Tremors are still rumbling through the corridors of power in the Elysee Palace, Paris, after news today that a customer in local supermarket Monoprix was served quickly, efficiently and courteously.
Despite a rapid reaction from managers, who are reported to have returned early from their four-hour lunch break in order to fire the responsible check-out girl, political sources were warning of a looming constitutional crisis.
No official comment has been made, but it is believed that the troubled administration of President Chateau Latour de Roquefort will be keen to send out a strong signal to the general public.
His party swept to power last year on a platform of "Il n'y a que la France", following public protests about the dominance of US toilet cleaning fluids in the French market.
In a already troubled transatlantic relationship, this incursion of American values into Paris, the hitherto virgin heartland of French cultural values, might be seen as one insult too far.

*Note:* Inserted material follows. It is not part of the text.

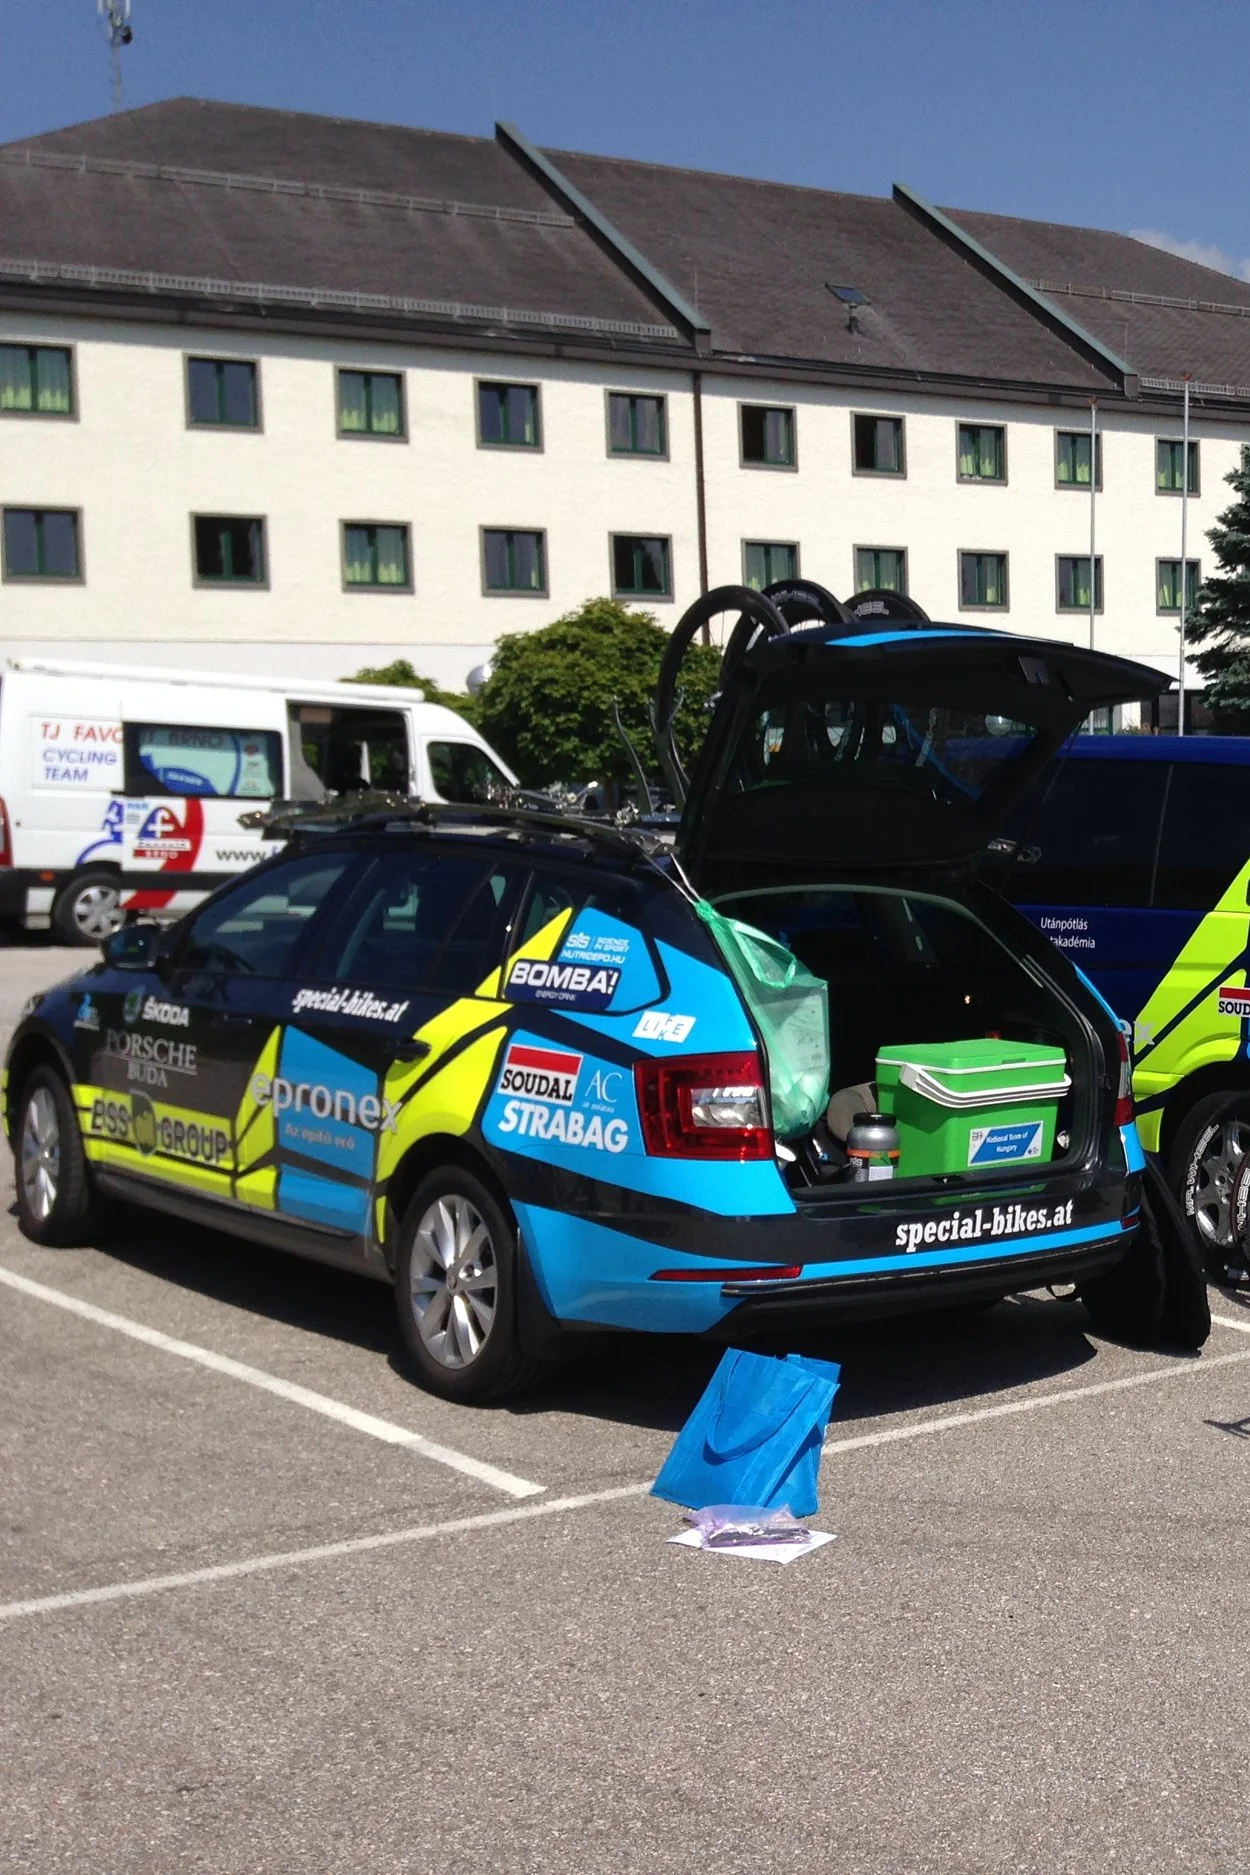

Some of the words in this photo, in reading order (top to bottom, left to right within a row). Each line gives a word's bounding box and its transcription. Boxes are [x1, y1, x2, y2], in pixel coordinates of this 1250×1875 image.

"I was just trying to be helpful" sobbed the assistant, Marie-Claude Crotte de Nez, 19, to hisses in a crowded press conference, only cofirming to most observers how deep the problem has already become.
"What we need is another Napoleon" said one passer-by, recalling the last time France had succesfully asserted itself in an international dispute.
Only time will tell, however, whether this battle will be an Austerlitz or a Waterloo for de Roquefort and his generals.